Two of the EDO “decommissioners” – on bail for damaging equipment at the Brighton EDO weapons factory last January, during the Israeli attack on Gaza – were arrested for “associating” with each other, in breach of their bail conditions (in spite of taking great care to stay apart). They were released two days later.
Brimar makes components for weapons targeting and firing systems, systems used in Israeli and British Apache helicopters, US tanks, and US attack aircraft. So there is a direct link between the factory in Chadderton and the horrific attacks on civilians in Gaza, Afghanistan and Iraq.
The people behind Target Brimar have clearly done their homework, producing a well-researched dossier detailing Brimar’s activities, covering not only the use of Brimar systems around the world, but also the company’s history and current owners.

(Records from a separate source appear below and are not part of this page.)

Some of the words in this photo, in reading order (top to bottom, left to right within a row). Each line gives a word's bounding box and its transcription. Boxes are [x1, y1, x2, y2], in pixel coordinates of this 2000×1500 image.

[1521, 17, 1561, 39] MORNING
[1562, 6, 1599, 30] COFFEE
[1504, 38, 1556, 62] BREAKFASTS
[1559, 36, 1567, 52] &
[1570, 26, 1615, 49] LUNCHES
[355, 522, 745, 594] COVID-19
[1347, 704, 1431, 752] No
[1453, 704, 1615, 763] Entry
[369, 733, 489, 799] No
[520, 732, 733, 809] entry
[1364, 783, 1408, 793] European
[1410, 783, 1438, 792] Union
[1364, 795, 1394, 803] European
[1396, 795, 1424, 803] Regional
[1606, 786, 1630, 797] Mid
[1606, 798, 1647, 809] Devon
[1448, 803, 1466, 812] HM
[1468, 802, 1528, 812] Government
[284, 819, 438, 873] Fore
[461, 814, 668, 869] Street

The dossier also takes apart the popular notion that weapons manufacturing is good for the UK economy, pointing out that the arms industry receives vast subsidies from the taxpayer (the equivalent of £13,000 per job per year) and diverts resources from other forms of manufacturing that could generate far greater employment and benefits to the economy.
This kind of detailed research forms a solid base for campaigning, and makes it much harder for opponents to beat activists with the usual “if we didn’t do it, someone else would” or “jobs, jobs, jobs” sticks.

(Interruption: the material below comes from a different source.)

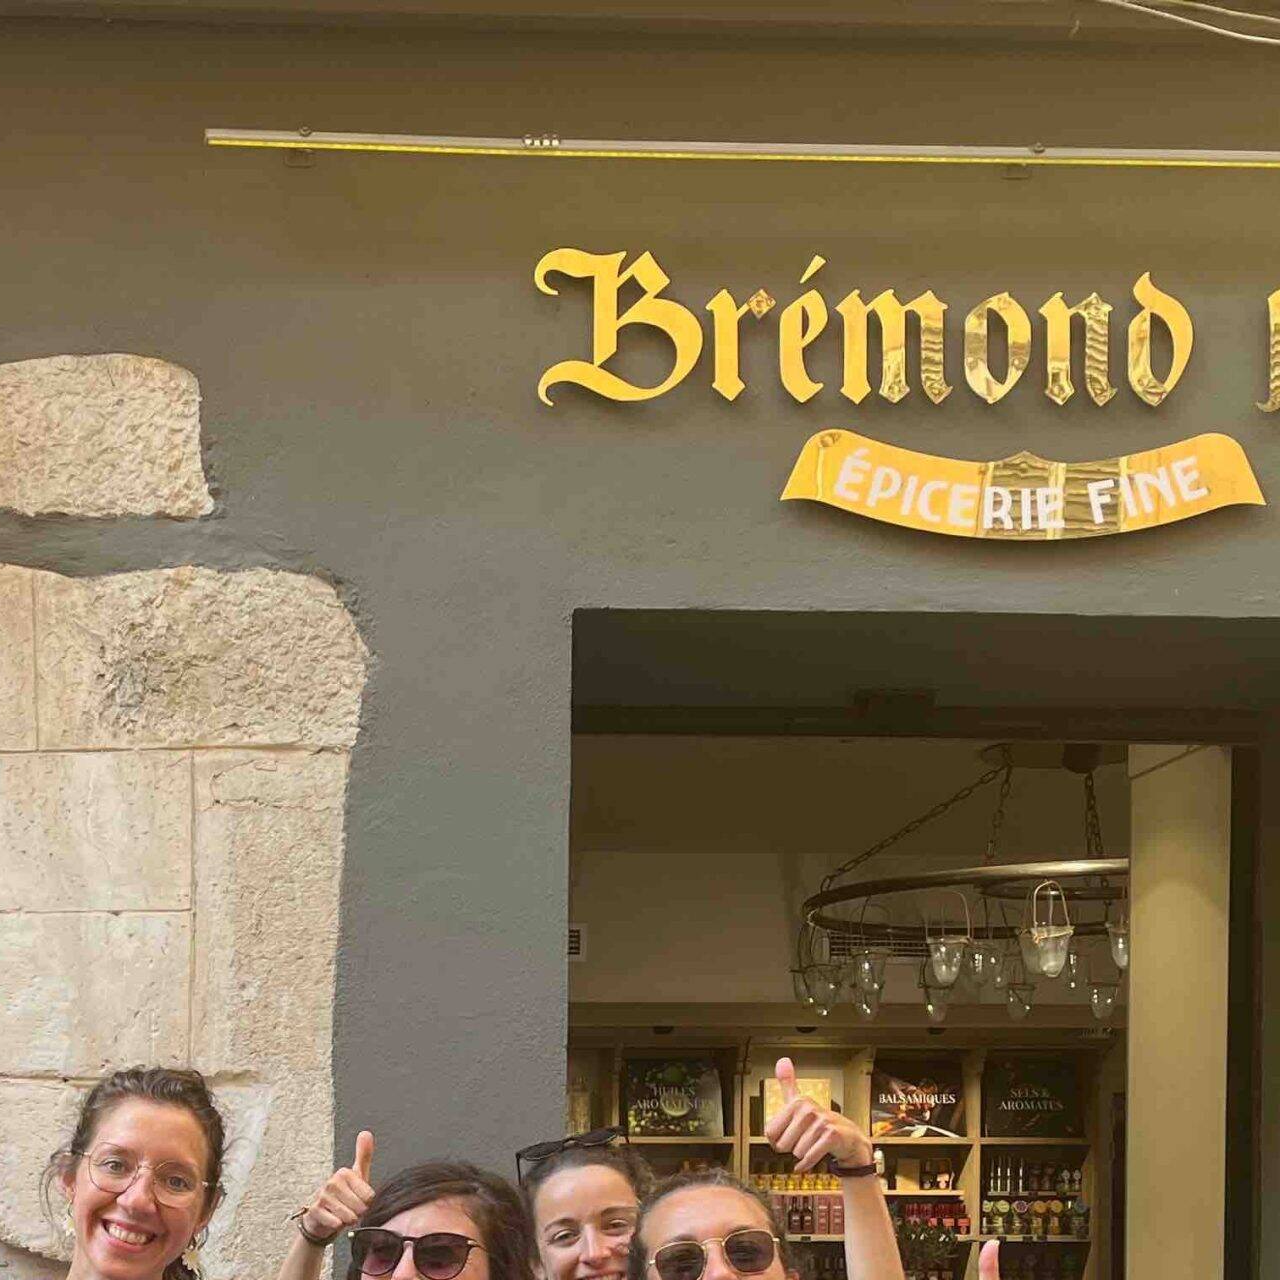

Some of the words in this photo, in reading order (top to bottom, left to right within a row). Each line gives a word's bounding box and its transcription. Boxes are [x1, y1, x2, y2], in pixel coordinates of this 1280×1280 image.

[534, 247, 1194, 407] Brémond
[833, 447, 1065, 531] ÉPICERIE
[1088, 454, 1211, 523] FINE
[878, 1093, 957, 1107] BALSAMIQUES

Target Brimar follows in the well-trodden footsteps of other campaigns against arms manufacturers. (See the Smash EDO article inside for one example.)
The UK’s largest weapons maker, BAE Systems, has been targeted on many occasions, in large part for its sale of Hawk jets to Indonesia during the bloody occupation of East Timor.
There is also a proud history of nonviolent disarmament actions springing from such campaigns: British Aerospace ploughshares, Seeds of Hope ploughshares, and the EDO decommissioners have all taken direct action at factories to stop this immoral trade.
That the public often agrees with such actions when presented with all the facts – as shown by the acquittal of the Seeds of Hope women in 1996 – will bring no comfort to those in charge at the Brimar premises, who will certainly have studied these earlier campaigns.
Even now they may be double-checking their locks and reviewing their insurance policies.